He hadn’t, of course, he’d hurried in, slowing slightly as he’d entered the room, all eyes locked onto him, realising we were sitting an exam, a modicum of social awareness cutting through his urgency.
‘Josh, can you?’
That was all he’d said.
I’d risen from my desk, head bowed, and left with him as quickly as possible. He’d wrapped his arm round my shoulders and again I’d felt an all-consuming embarrassment, sick with the knowledge that, for at least the rest of the week, I’d be called gay.

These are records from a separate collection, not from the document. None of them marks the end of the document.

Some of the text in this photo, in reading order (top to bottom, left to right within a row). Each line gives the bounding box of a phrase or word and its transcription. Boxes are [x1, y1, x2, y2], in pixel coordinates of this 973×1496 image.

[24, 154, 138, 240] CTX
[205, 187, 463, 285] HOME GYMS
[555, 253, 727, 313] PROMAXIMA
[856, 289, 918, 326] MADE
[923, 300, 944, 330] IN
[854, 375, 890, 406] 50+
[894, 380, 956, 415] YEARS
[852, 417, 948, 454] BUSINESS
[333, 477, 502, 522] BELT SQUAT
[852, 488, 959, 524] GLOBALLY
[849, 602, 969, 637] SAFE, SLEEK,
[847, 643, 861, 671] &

The finer details of being told, how much I was told, how I was told, were a little hazier. I’d been drip fed the truth over the years to the extent that all the memories have merged together and my childhood was now just a reflective blur of sadness and anger. Back then, I’d been absolutely hell-bent on my own self-destruction because David wasn’t my dad, he couldn’t tell me what to do. Olivia was probably the only person that had kept me from toppling over the edge. Like me, she was damaged, and it was the basis of our bond. Her mum was dead. Taken by an overdose when she was so young. Our stories were slightly different because her memory of her mother was almost nothing. She said she could only remember flashes and the picture she recalled most clearly was so depressing she didn’t like to think about it often: Kate Watson passed out in the lounge, a cigarette in her hand burning a hole in the carpet. Olivia had been hungry, flapping round her mother like a young animal after a teat. Said she’d been there for a while. Limp. She wondered if that was the day she’d died. No screaming, no broken bones, no grand exit. Just a flaming cigarette and a life extinguished. The poor girl.

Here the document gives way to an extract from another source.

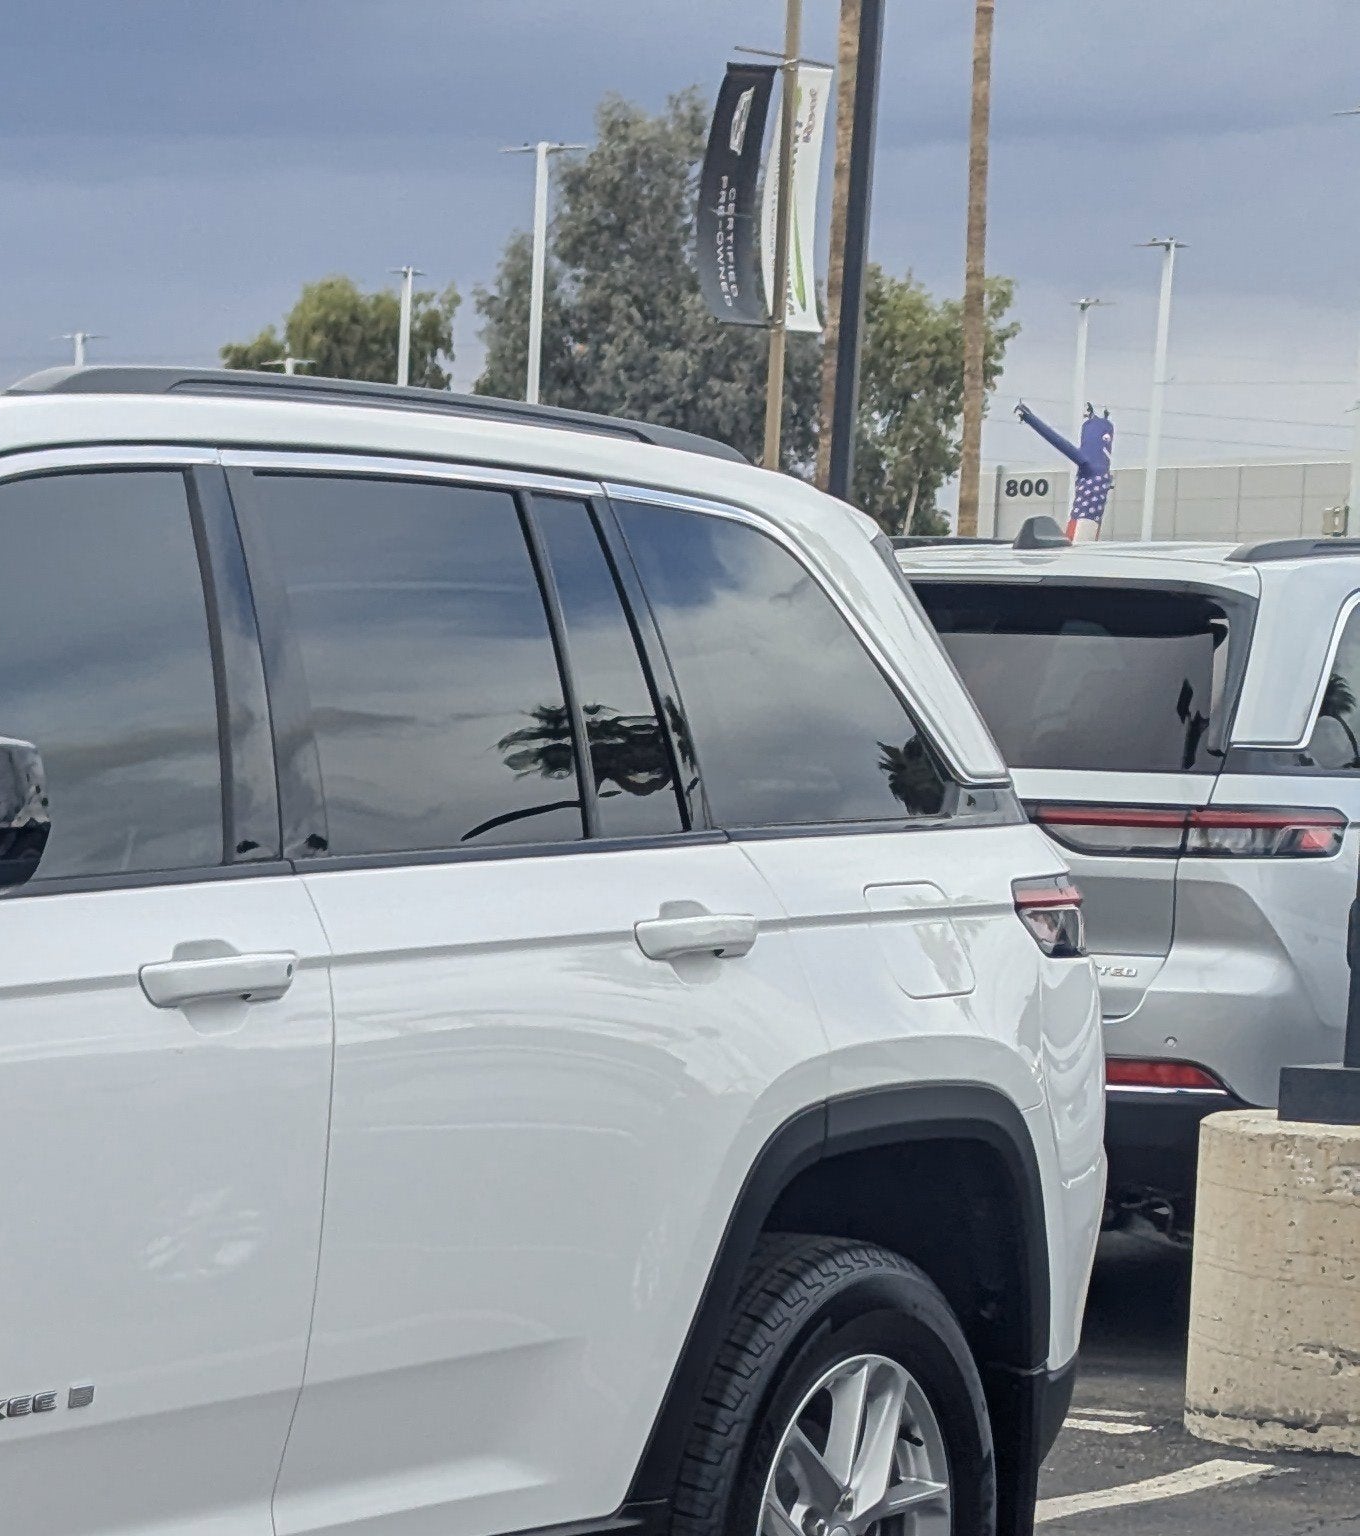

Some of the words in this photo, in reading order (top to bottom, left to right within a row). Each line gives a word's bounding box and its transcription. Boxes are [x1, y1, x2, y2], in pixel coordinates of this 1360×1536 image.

[726, 187, 739, 298] CERTIFIED
[1005, 478, 1049, 498] 800
[1096, 965, 1138, 978] TED

I really loved Olivia. And, with her as my almost-sister, things had started to make sense again. David, however, even though I hadn’t liked him much back then, was responsible for pulling me back from the brink of addiction oblivion. He didn’t have so much success with Olivia. David and I had started to make things work between us. I guess it was simply that I was growing up, could understand my emotions and realise that it wasn’t David’s fault my parents weren’t alive any more and that, actually, he’d really helped me, looked out for me, brought me up as his own despite everything I’d thrown at him.

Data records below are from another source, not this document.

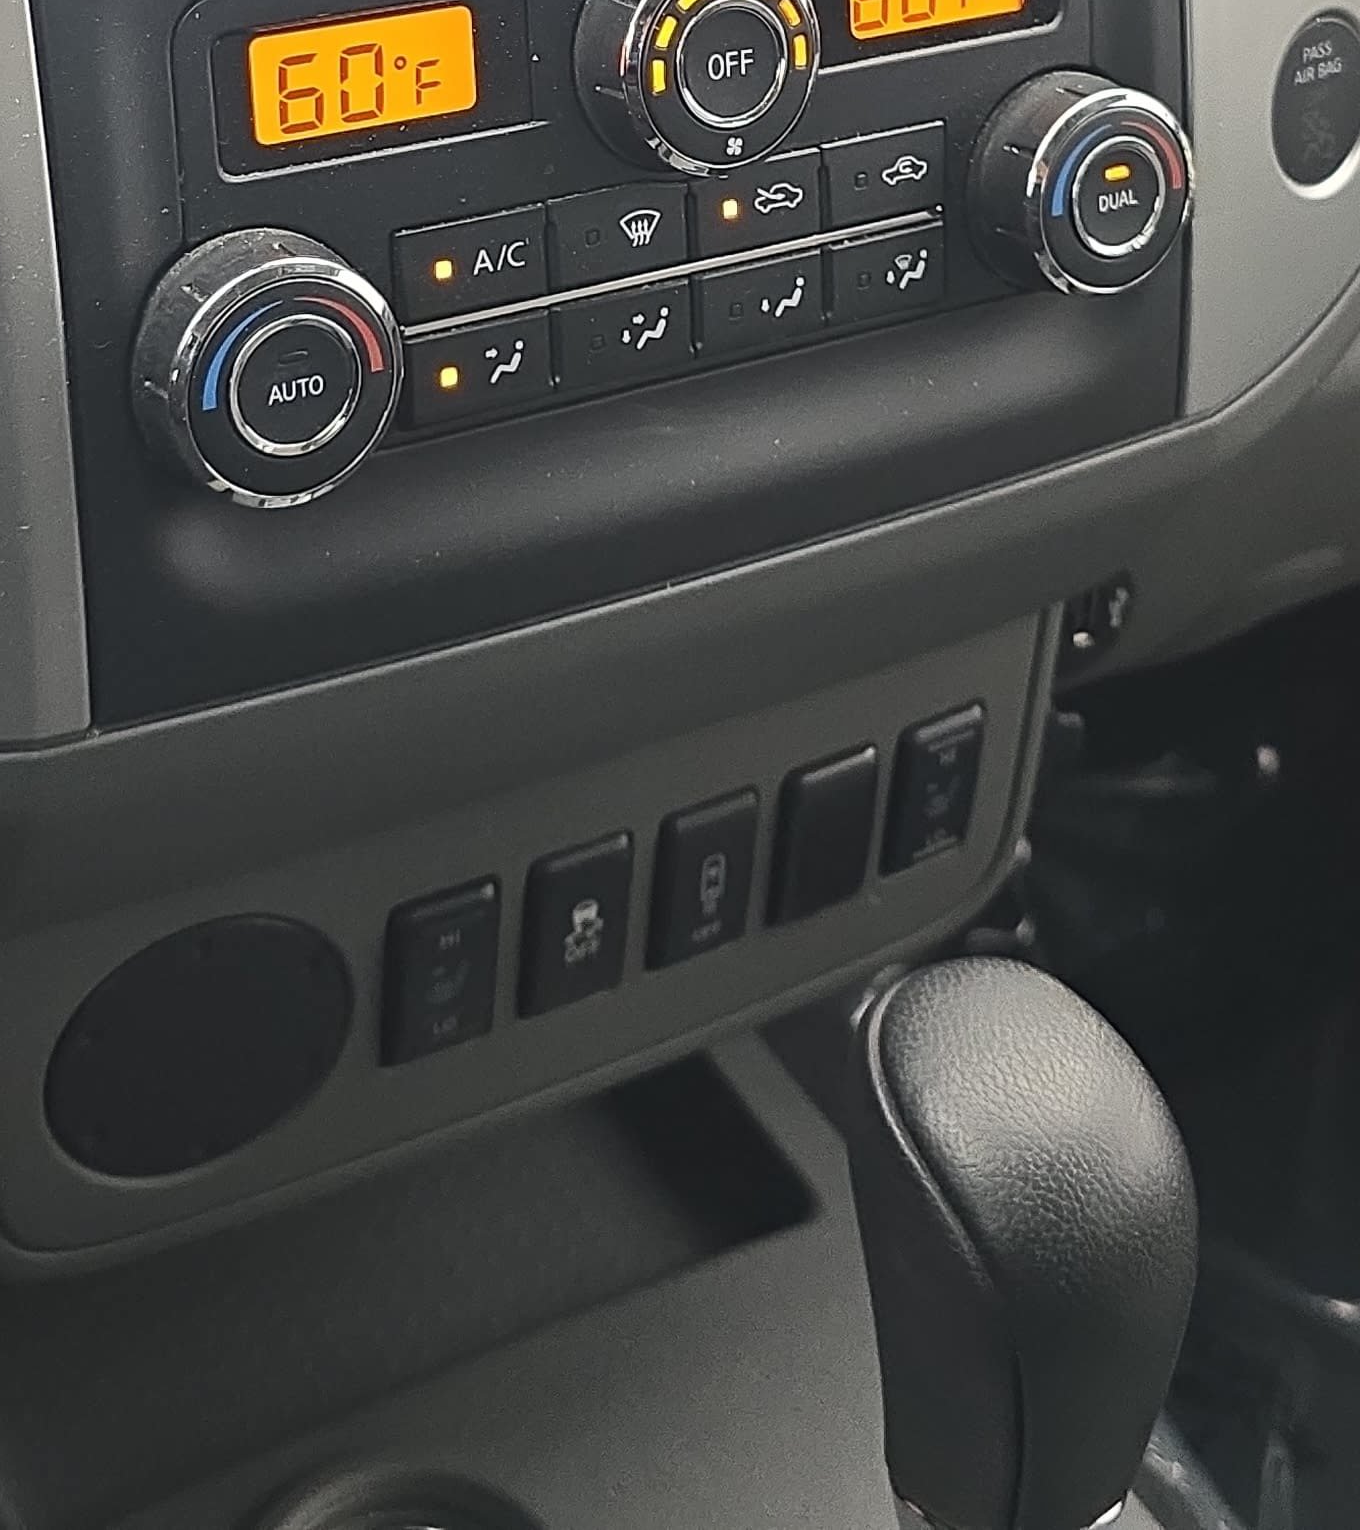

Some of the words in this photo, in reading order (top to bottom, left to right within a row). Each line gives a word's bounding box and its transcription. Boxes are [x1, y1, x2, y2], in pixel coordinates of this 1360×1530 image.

[707, 49, 754, 81] OFF
[1303, 40, 1332, 63] PASS
[1294, 66, 1315, 86] AIR
[1317, 57, 1343, 79] BAG
[1097, 188, 1138, 213] DUAL
[472, 240, 526, 276] A/C
[268, 375, 325, 406] AUTO

I started working for him when I was 22 and the purpose of a career, prospects, being good at something for once, empowered me and kickstarted the process of welding my broken pieces back together again. Things were good, I was settled, I had my own place, I was dating, happy, and, a few years later, a new girl started at work who I was mad about.
Her name was Ava. She was a bit like a siren, I guess. A beautiful, bewitching, mythical creature too good to be true. I was so drawn to her, so intrigued by the thoughts in her head and the curves under her clothes. Even imagining her talk to me made my heart twinge. In the beginning we weren’t close, but, when Olivia passed away, her siren call had been strong and we’d knotted together, bound to one another before either of us really kn
ew how strongly we’d felt about the other. And now my siren was missing and it was like I was dealing with that and losing Olivia all over again, a bundle of sadness delivered in the same macabre package. I honestly didn’t see the point of life any more if this was what was going to keep happening to everyone I ever loved.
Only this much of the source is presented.